» **What to work on**
Could every line of the listing be output exactly, with the pictures skipped?

» **Data supplied**
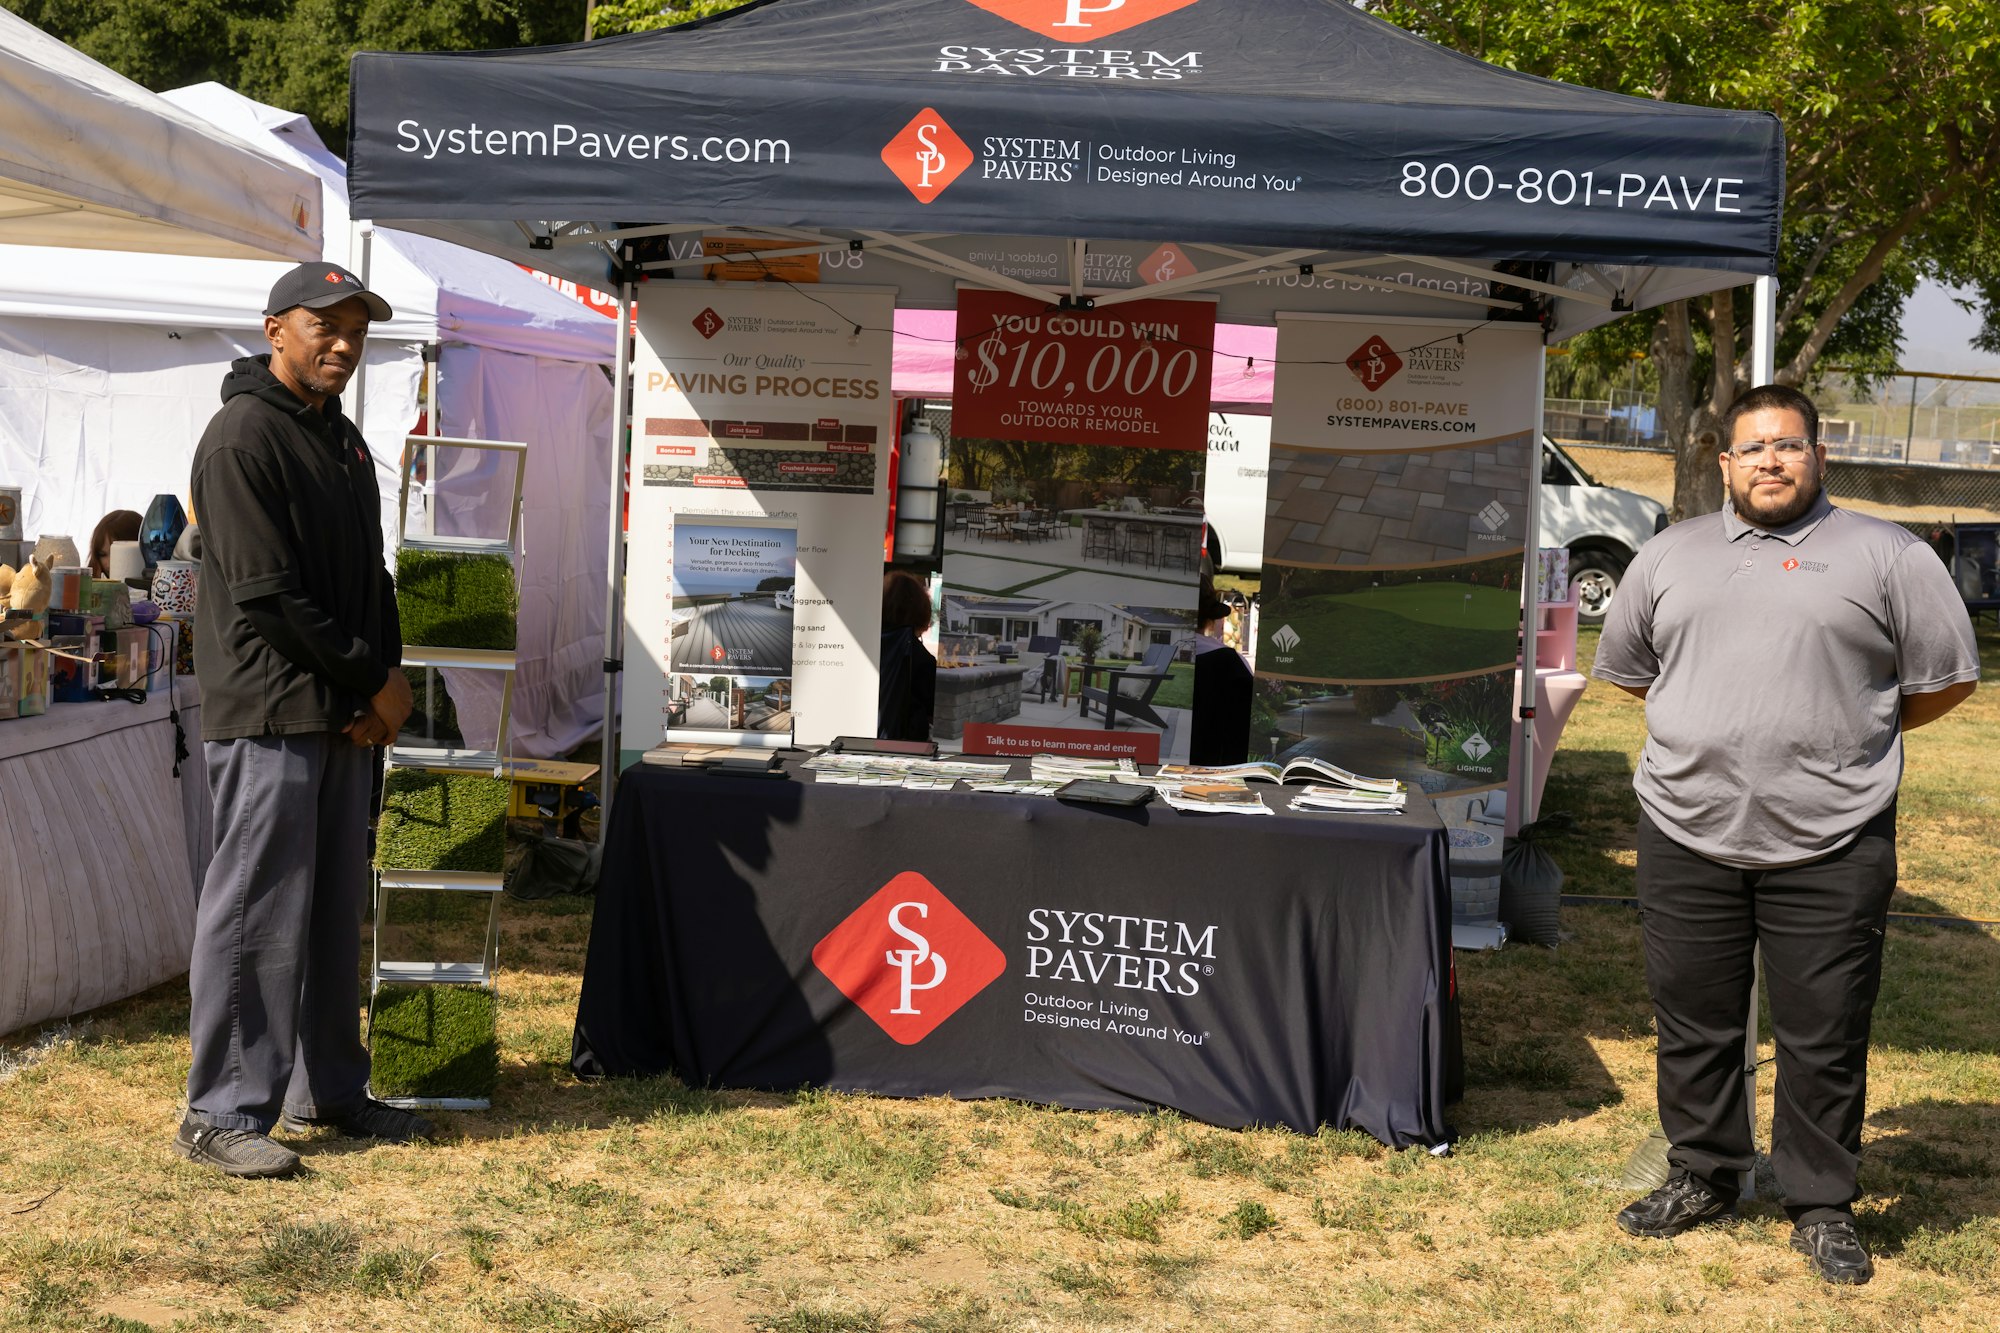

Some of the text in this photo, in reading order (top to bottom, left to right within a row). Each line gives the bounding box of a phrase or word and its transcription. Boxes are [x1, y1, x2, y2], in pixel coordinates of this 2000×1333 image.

[938, 46, 1203, 67] SYSTEM
[396, 119, 791, 165] SystemPavers.com
[983, 136, 1081, 160] SYSTEM
[1098, 144, 1236, 168] Outdoor Living
[1098, 166, 1183, 186] Designed
[1188, 171, 1256, 189] Around
[1400, 161, 1744, 214] 800-801-PAVE
[727, 317, 762, 326] SYSTEM
[767, 318, 816, 328] Outdoor Living
[767, 326, 798, 334] Designed
[992, 314, 1179, 341] YOU COULD WIN
[723, 353, 805, 371] Our Quality
[1409, 346, 1465, 360] SYSTEM
[967, 331, 1198, 398] $10,000
[647, 372, 880, 400] PAVING PROCESS
[1018, 400, 1143, 419] TOWARDS YOUR
[1336, 397, 1469, 416] (800) 801-PAVE
[1000, 413, 1160, 434] OUTDOOR REMODEL
[1327, 415, 1476, 433] SYSTEMPAVERS.COM
[804, 465, 834, 473] Aggregate
[682, 507, 719, 515] Demolish
[721, 507, 734, 515] the
[736, 509, 767, 517] existing
[768, 510, 798, 518] surface
[689, 537, 709, 545] Your
[732, 538, 781, 548] Destination
[1477, 533, 1506, 542] PAVERS
[710, 547, 760, 558] for Decking
[812, 545, 828, 553] flow
[1801, 560, 1829, 568] SYSTEM
[805, 642, 816, 650] lay
[1275, 656, 1294, 664] TURF
[986, 735, 1137, 753] Talk to us to learn more and enter
[1456, 765, 1492, 773] LIGHTING
[1026, 908, 1219, 959] SYSTEM
[1024, 992, 1150, 1021] Outdoor Living
[1024, 1010, 1101, 1032] Designed
[1105, 1020, 1167, 1041] Around
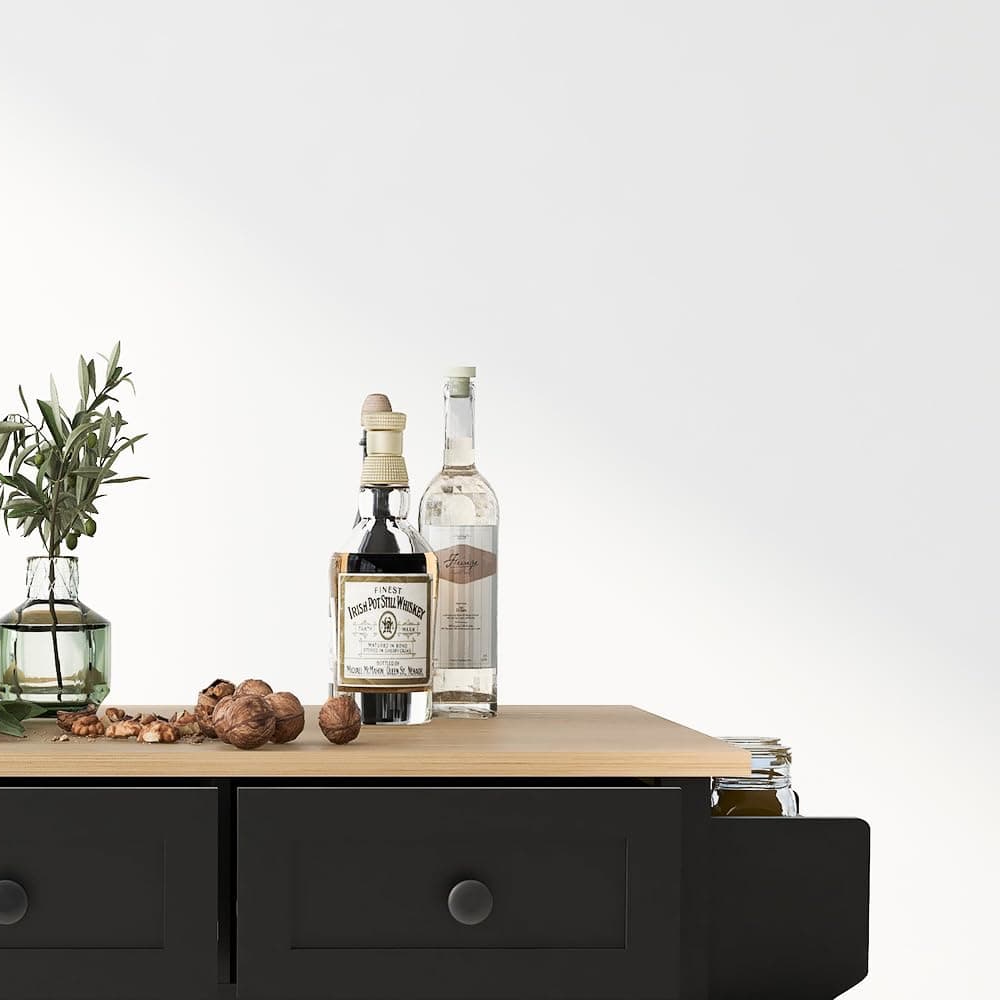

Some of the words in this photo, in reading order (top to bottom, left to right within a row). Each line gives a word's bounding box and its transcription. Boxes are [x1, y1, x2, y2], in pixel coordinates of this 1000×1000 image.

» **Exercise solution**
Some of the text in this photo, in reading order (top to bottom, left to right within a row). Each line gives the bounding box of a phrase or word and its transcription. Boxes are [x1, y1, x2, y2], in pixel coordinates of this 2000×1333 image.

[938, 46, 1203, 67] SYSTEM
[396, 119, 791, 165] SystemPavers.com
[983, 136, 1081, 160] SYSTEM
[1098, 144, 1236, 168] Outdoor Living
[1098, 166, 1183, 186] Designed
[1188, 171, 1256, 189] Around
[1400, 161, 1744, 214] 800-801-PAVE
[727, 317, 762, 326] SYSTEM
[767, 318, 816, 328] Outdoor Living
[767, 326, 798, 334] Designed
[992, 314, 1179, 341] YOU COULD WIN
[723, 353, 805, 371] Our Quality
[1409, 346, 1465, 360] SYSTEM
[967, 331, 1198, 398] $10,000
[647, 372, 880, 400] PAVING PROCESS
[1018, 400, 1143, 419] TOWARDS YOUR
[1336, 397, 1469, 416] (800) 801-PAVE
[1000, 413, 1160, 434] OUTDOOR REMODEL
[1327, 415, 1476, 433] SYSTEMPAVERS.COM
[804, 465, 834, 473] Aggregate
[682, 507, 719, 515] Demolish
[721, 507, 734, 515] the
[736, 509, 767, 517] existing
[768, 510, 798, 518] surface
[689, 537, 709, 545] Your
[732, 538, 781, 548] Destination
[1477, 533, 1506, 542] PAVERS
[710, 547, 760, 558] for Decking
[812, 545, 828, 553] flow
[1801, 560, 1829, 568] SYSTEM
[805, 642, 816, 650] lay
[1275, 656, 1294, 664] TURF
[986, 735, 1137, 753] Talk to us to learn more and enter
[1456, 765, 1492, 773] LIGHTING
[1026, 908, 1219, 959] SYSTEM
[1024, 992, 1150, 1021] Outdoor Living
[1024, 1010, 1101, 1032] Designed
[1105, 1020, 1167, 1041] Around

Some of the words in this photo, in reading order (top to bottom, left to right within a row). Each line gives a word's bounding box and its transcription. Boxes are [x1, y1, x2, y2], in pixel coordinates of this 1000×1000 image.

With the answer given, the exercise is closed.